[Work item]
Write out every entry below word for word, leaving nothing out.

Items listed in a dataset:
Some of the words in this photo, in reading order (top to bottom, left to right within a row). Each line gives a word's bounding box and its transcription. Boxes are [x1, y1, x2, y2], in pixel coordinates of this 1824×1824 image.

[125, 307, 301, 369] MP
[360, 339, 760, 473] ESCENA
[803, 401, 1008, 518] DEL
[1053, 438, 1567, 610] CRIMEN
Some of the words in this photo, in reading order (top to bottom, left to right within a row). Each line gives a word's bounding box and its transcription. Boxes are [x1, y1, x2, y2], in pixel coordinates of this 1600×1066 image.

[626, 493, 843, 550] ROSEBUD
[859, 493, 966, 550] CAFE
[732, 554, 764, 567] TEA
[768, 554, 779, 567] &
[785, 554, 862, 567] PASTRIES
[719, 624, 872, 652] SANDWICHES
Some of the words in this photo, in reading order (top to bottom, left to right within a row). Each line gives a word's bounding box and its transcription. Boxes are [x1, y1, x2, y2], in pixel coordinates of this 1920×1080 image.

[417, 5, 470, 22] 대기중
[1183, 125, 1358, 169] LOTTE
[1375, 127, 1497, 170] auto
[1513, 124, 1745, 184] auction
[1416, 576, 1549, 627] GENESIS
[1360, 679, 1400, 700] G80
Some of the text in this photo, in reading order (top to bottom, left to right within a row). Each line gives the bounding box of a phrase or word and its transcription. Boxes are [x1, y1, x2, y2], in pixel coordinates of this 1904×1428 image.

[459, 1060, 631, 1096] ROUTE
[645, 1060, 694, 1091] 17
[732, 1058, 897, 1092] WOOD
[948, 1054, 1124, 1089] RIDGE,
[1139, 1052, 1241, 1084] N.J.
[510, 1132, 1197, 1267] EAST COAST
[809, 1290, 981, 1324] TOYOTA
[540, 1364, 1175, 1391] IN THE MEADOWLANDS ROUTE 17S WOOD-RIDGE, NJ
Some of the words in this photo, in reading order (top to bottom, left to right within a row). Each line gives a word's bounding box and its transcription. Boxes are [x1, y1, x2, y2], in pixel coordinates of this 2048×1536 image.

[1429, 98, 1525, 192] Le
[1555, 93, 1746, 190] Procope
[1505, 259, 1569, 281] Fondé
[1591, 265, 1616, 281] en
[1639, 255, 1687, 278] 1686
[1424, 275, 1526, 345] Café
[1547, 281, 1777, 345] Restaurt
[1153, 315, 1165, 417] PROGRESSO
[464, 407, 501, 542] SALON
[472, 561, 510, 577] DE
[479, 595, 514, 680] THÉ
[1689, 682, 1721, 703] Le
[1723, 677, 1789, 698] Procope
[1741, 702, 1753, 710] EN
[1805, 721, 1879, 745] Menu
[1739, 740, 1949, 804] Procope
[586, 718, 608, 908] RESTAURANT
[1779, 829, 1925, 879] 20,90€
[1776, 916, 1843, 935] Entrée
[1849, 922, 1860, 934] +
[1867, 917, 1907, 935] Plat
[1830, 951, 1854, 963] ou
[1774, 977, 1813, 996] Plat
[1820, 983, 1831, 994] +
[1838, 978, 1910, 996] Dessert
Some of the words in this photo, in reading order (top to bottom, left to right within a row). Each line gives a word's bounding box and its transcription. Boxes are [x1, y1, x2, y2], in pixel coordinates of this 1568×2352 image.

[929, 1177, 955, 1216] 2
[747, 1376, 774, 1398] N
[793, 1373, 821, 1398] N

[Solution]
Some of the words in this photo, in reading order (top to bottom, left to right within a row). Each line gives a word's bounding box and its transcription. Boxes are [x1, y1, x2, y2], in pixel coordinates of this 1824×1824 image.

[125, 307, 301, 369] MP
[360, 339, 760, 473] ESCENA
[803, 401, 1008, 518] DEL
[1053, 438, 1567, 610] CRIMEN
Some of the words in this photo, in reading order (top to bottom, left to right within a row). Each line gives a word's bounding box and its transcription. Boxes are [x1, y1, x2, y2], in pixel coordinates of this 1600×1066 image.

[626, 493, 843, 550] ROSEBUD
[859, 493, 966, 550] CAFE
[732, 554, 764, 567] TEA
[768, 554, 779, 567] &
[785, 554, 862, 567] PASTRIES
[719, 624, 872, 652] SANDWICHES
Some of the words in this photo, in reading order (top to bottom, left to right within a row). Each line gives a word's bounding box and its transcription. Boxes are [x1, y1, x2, y2], in pixel coordinates of this 1920×1080 image.

[417, 5, 470, 22] 대기중
[1183, 125, 1358, 169] LOTTE
[1375, 127, 1497, 170] auto
[1513, 124, 1745, 184] auction
[1416, 576, 1549, 627] GENESIS
[1360, 679, 1400, 700] G80
Some of the text in this photo, in reading order (top to bottom, left to right within a row). Each line gives the bounding box of a phrase or word and its transcription. Boxes are [x1, y1, x2, y2], in pixel coordinates of this 1904×1428 image.

[459, 1060, 631, 1096] ROUTE
[645, 1060, 694, 1091] 17
[732, 1058, 897, 1092] WOOD
[948, 1054, 1124, 1089] RIDGE,
[1139, 1052, 1241, 1084] N.J.
[510, 1132, 1197, 1267] EAST COAST
[809, 1290, 981, 1324] TOYOTA
[540, 1364, 1175, 1391] IN THE MEADOWLANDS ROUTE 17S WOOD-RIDGE, NJ
Some of the words in this photo, in reading order (top to bottom, left to right within a row). Each line gives a word's bounding box and its transcription. Boxes are [x1, y1, x2, y2], in pixel coordinates of this 2048×1536 image.

[1429, 98, 1525, 192] Le
[1555, 93, 1746, 190] Procope
[1505, 259, 1569, 281] Fondé
[1591, 265, 1616, 281] en
[1639, 255, 1687, 278] 1686
[1424, 275, 1526, 345] Café
[1547, 281, 1777, 345] Restaurt
[1153, 315, 1165, 417] PROGRESSO
[464, 407, 501, 542] SALON
[472, 561, 510, 577] DE
[479, 595, 514, 680] THÉ
[1689, 682, 1721, 703] Le
[1723, 677, 1789, 698] Procope
[1741, 702, 1753, 710] EN
[1805, 721, 1879, 745] Menu
[1739, 740, 1949, 804] Procope
[586, 718, 608, 908] RESTAURANT
[1779, 829, 1925, 879] 20,90€
[1776, 916, 1843, 935] Entrée
[1849, 922, 1860, 934] +
[1867, 917, 1907, 935] Plat
[1830, 951, 1854, 963] ou
[1774, 977, 1813, 996] Plat
[1820, 983, 1831, 994] +
[1838, 978, 1910, 996] Dessert
Some of the words in this photo, in reading order (top to bottom, left to right within a row). Each line gives a word's bounding box and its transcription. Boxes are [x1, y1, x2, y2], in pixel coordinates of this 1568×2352 image.

[929, 1177, 955, 1216] 2
[747, 1376, 774, 1398] N
[793, 1373, 821, 1398] N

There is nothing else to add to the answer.